Now, tough-talked though he was, if John the Baptist was faced with that guy, I imagine it would be quite the friendly chat. If John was laying the path for Jesus, it was the idea that we should repent our foolishness, our weakness, our judgment and our pride. John’s down in the mud remember, and he’s rubbing our faces in it. That’s the two-step of the gospel: to fall over our own folly, and then to have the tools to react properly to the stumble.
So how do we react? Do we heap scorn on Jeffery Hillman for failing to meet our expectation? Do we pity ourselves and Officer DePrimo for being taken in? Do we decide to never get “suckered by sympathy” by giving another stranger a pair of metaphorical boots?

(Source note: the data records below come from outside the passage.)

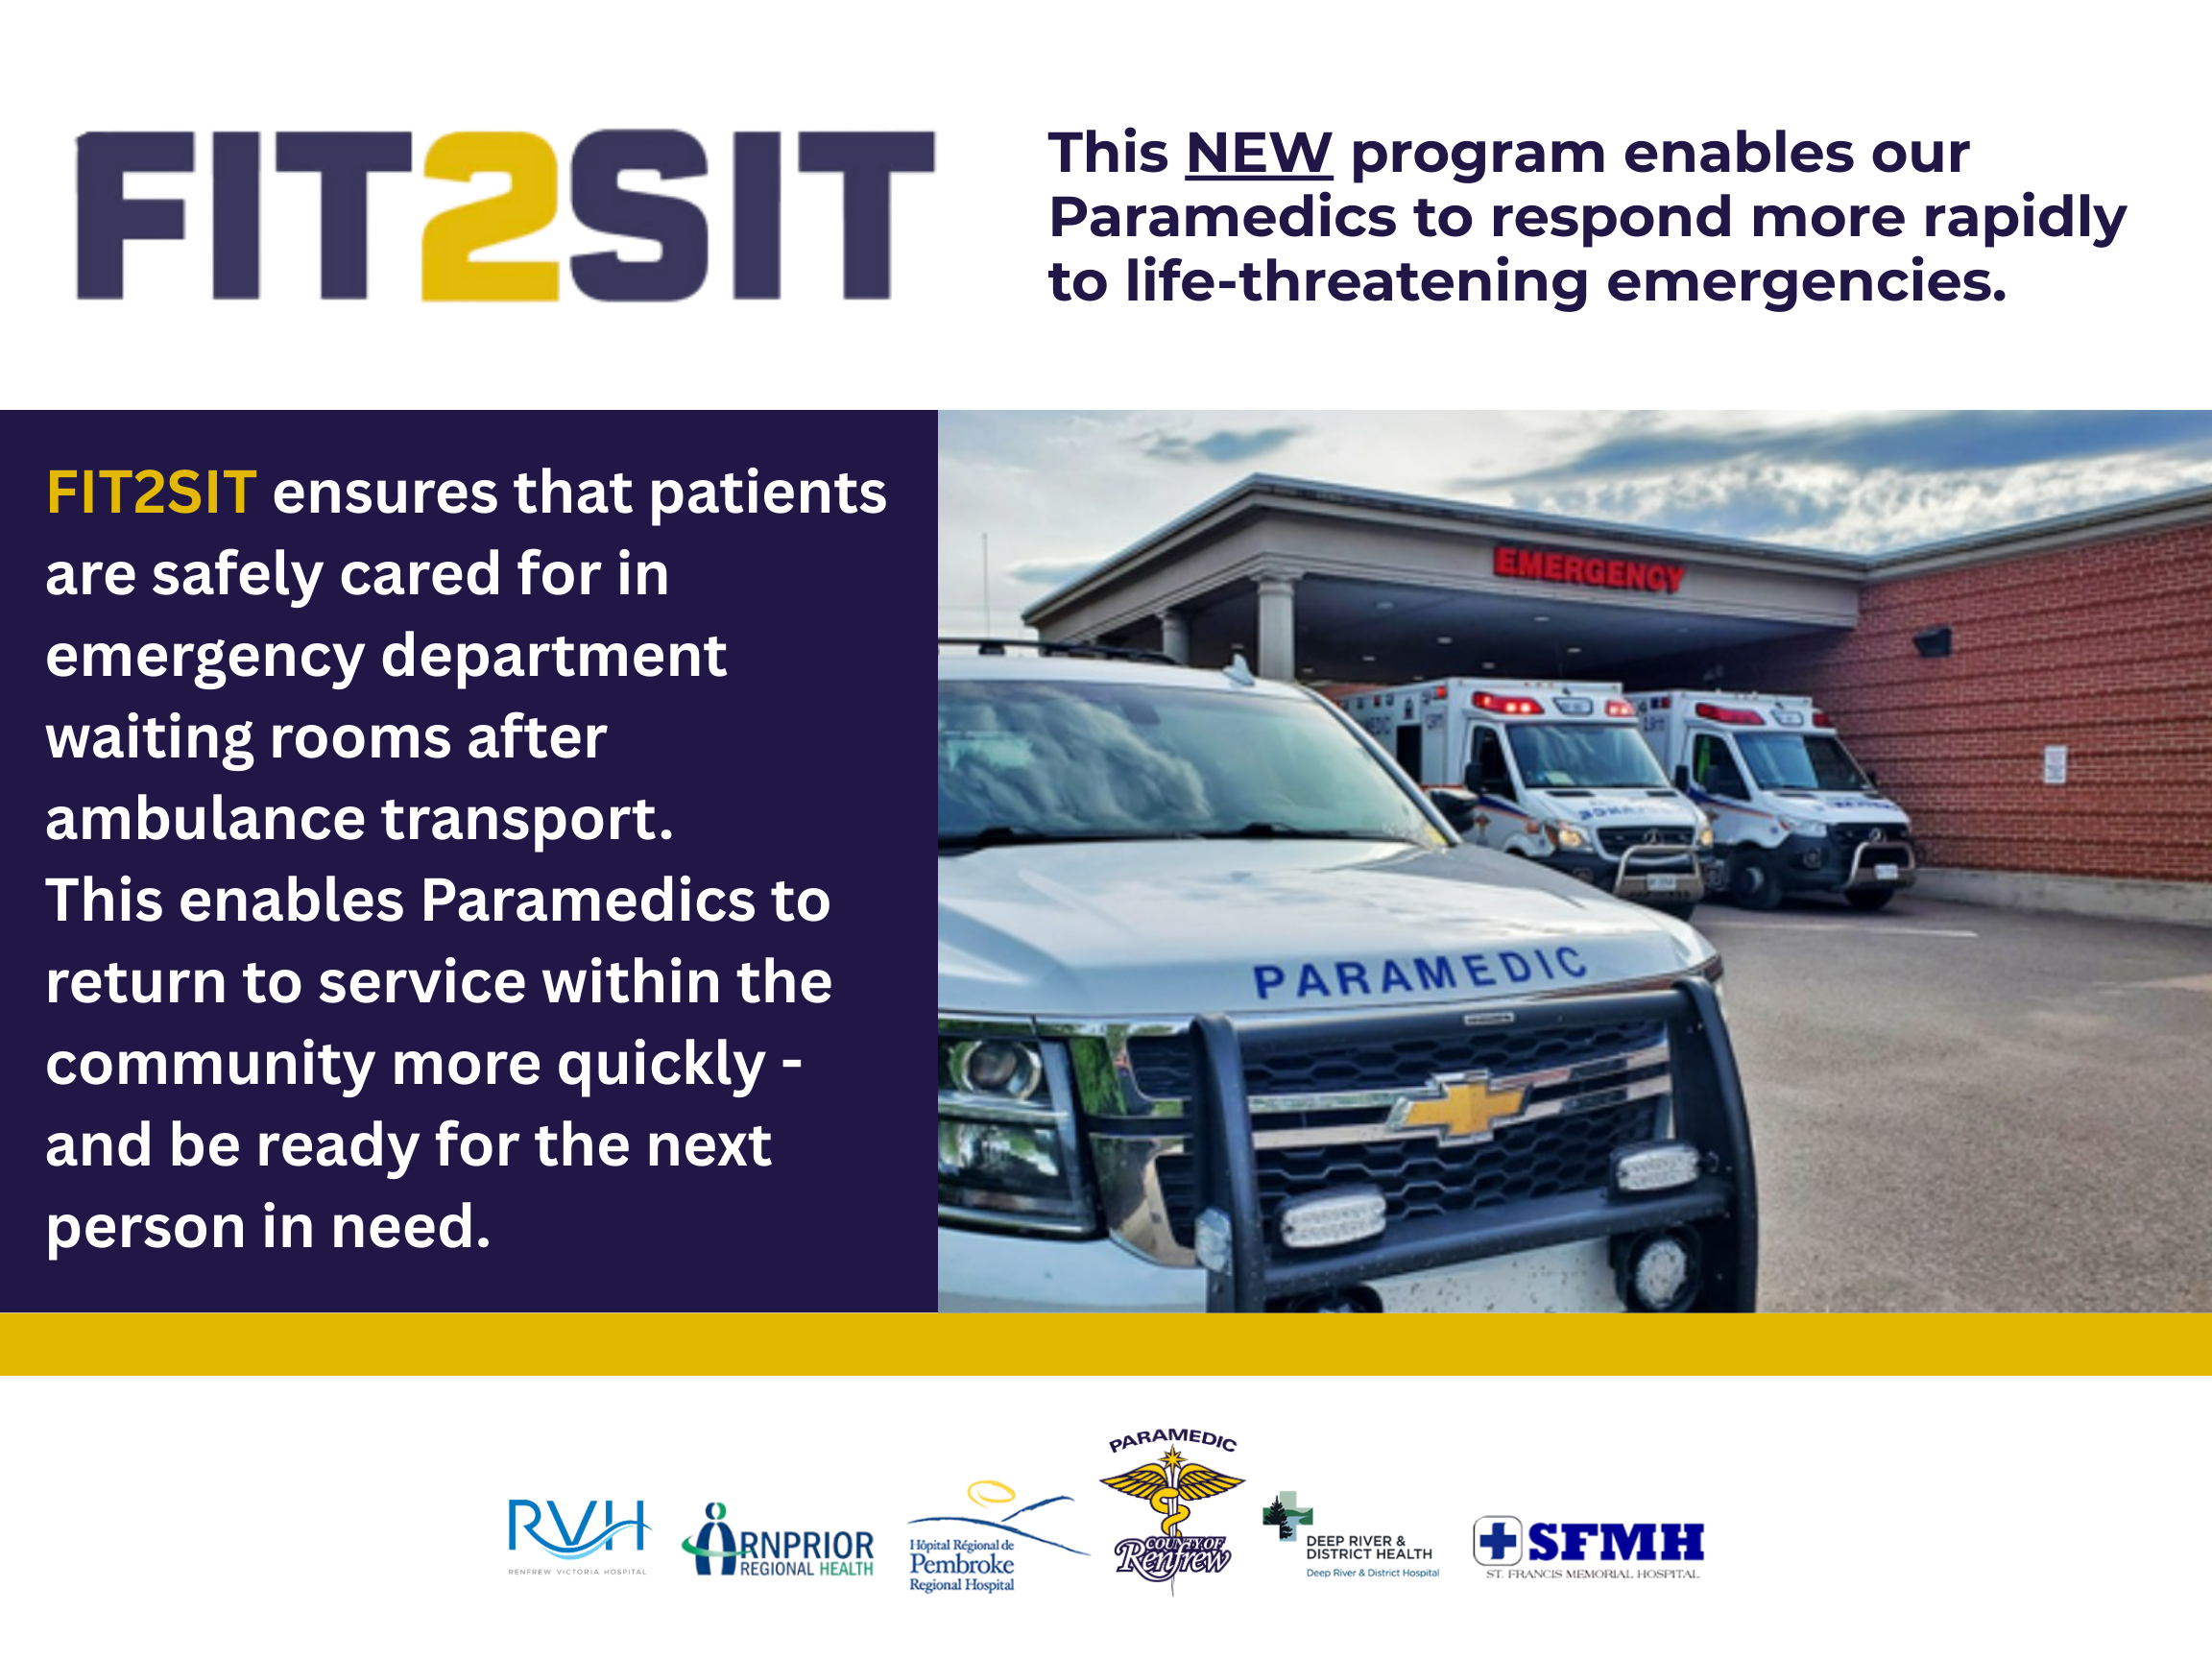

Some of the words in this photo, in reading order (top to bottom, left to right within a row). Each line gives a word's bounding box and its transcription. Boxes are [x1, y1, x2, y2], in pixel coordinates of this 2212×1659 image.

[1047, 127, 1167, 173] This
[1185, 132, 1334, 180] NEW
[1354, 141, 1604, 183] program
[1625, 130, 1854, 173] enables
[1872, 141, 1970, 173] our
[75, 129, 935, 302] FIT2SIT
[1052, 191, 1396, 237] Paramedics
[1413, 199, 1472, 237] to
[1494, 194, 1730, 248] respond
[1754, 205, 1905, 237] more
[1926, 191, 2128, 248] rapidly
[1048, 263, 1107, 301] to
[1128, 255, 1586, 312] life-threatening
[1608, 255, 2006, 312] emergencies.
[50, 469, 256, 514] FIT2SIT
[275, 480, 497, 514] ensures
[514, 468, 633, 514] that
[652, 468, 886, 526] patients
[47, 562, 135, 595] are
[153, 548, 324, 608] safely
[342, 549, 498, 595] cared
[517, 548, 602, 595] for
[619, 549, 667, 594] in
[1494, 545, 1685, 593] EMERGENCY
[47, 639, 366, 689] emergency
[383, 631, 727, 689] department
[45, 712, 254, 771] waiting
[273, 725, 450, 758] rooms
[469, 711, 608, 758] after
[47, 794, 364, 840] ambulance
[381, 800, 672, 853] transport.
[45, 876, 162, 922] This
[180, 876, 403, 922] enables
[424, 876, 755, 922] Paramedics
[771, 881, 830, 922] to
[49, 963, 225, 1003] return
[243, 963, 301, 1003] to
[319, 957, 525, 1003] service
[542, 957, 718, 1003] within
[737, 957, 831, 1003] the
[1253, 946, 1588, 1000] PARAMEDIC
[47, 1039, 375, 1097] community
[395, 1051, 540, 1085] more
[559, 1039, 766, 1097] quickly
[47, 1120, 150, 1166] and
[173, 1120, 239, 1166] be
[259, 1120, 421, 1179] ready
[436, 1119, 519, 1166] for
[535, 1120, 629, 1166] the
[650, 1126, 772, 1166] next
[49, 1214, 243, 1261] person
[264, 1202, 312, 1247] in
[334, 1202, 489, 1248] need.
[1109, 1429, 1238, 1454] PARAMEDIC
[509, 1500, 652, 1553] RVH
[909, 1539, 950, 1554] Hôpital
[952, 1539, 999, 1554] Régional
[1000, 1539, 1015, 1551] de
[1145, 1536, 1204, 1550] COUNTY
[1203, 1536, 1226, 1550] OF
[1307, 1536, 1345, 1547] DEEP
[1349, 1536, 1392, 1547] RIVER
[1395, 1535, 1407, 1547] &
[1528, 1523, 1705, 1561] SFMH
[740, 1561, 815, 1576] REGIONAL
[820, 1561, 874, 1576] HEALTH
[909, 1552, 1015, 1575] Pembroke
[1114, 1537, 1232, 1582] Renfrew
[1307, 1549, 1373, 1559] DISTRICT
[1377, 1549, 1432, 1559] HEALTH
[1307, 1568, 1331, 1578] Deep
[1334, 1568, 1357, 1577] River
[1358, 1568, 1366, 1577] &
[1368, 1568, 1401, 1577] District
[1403, 1568, 1440, 1578] Hospital
[1486, 1569, 1504, 1579] ST.
[1508, 1569, 1563, 1579] FRANCIS
[1566, 1569, 1634, 1579] MEMORIAL
[1637, 1569, 1700, 1579] HOSPITAL
[909, 1578, 962, 1595] Regional
[965, 1578, 1015, 1595] Hospital

The answer, of course, is not simple. But what’s the underlying lesson here – the really instructive part? Well, there’s the obvious one: sometimes the people we want to help, don’t respond the way we’d like. How many times, have you attempted an apology that ended up in an argument? Or a favour that was unwanted? However Mr. Hillman ended up barefoot on the street, it’s a complicated one, a solider’s story, a story about poverty, and mental illness, about a lost life. It’s hard not to see anyone us getting to Mr. Hillman’s place and not feeling screwed over by the world, wanting a piece of the pie that life never served. If we only set out to help “nice” people as we define them, our good gifts don’t travel much farther than our doorsteps.
So then we get to the next messy part about trying to do good, about trying to follow the gospel. It doesn’t always work. Maybe it doesn’t even work most of the time. A lot of the time, we extend a hand, and get it slapped right back. Does that diminish Officer DePrimo’s good deed? What’s more should it stop him from helping the next homeless stranger? All we can do is keep extending the hand, over and over again. Except for this: There’s an old line from Albert Einstein: the definition of madness is doing the same thing over and over again, expecting a different result. And that’s true here. If we don’t learn, we fall into the same spot everytime. If we’re getting the apology or the favour wrong, we should perhaps listen to what the other person needs. Perhaps the lesson that we learn from Mr. Hillman is to no assume what others might need, to not project our lives upon them, to see them as they are.
Basically, that’s how John the Baptist saw his role – why he shows up in advent, as we wait for a stable in Bethlehem. He is showing us the way. And most importantly, the road to Bethlehem doesn’t lead to a tree with nicely wrapped presents under it. It leads to a smelly dirty manger, crowded with strangers and bright with potential. And standing there are all the Officer DePrimos and Jeffrey Hillmans, the givers and receivers, the students and the teachers. The path of God may be straight. But it’s not smooth. It’s not pretty. It’s life.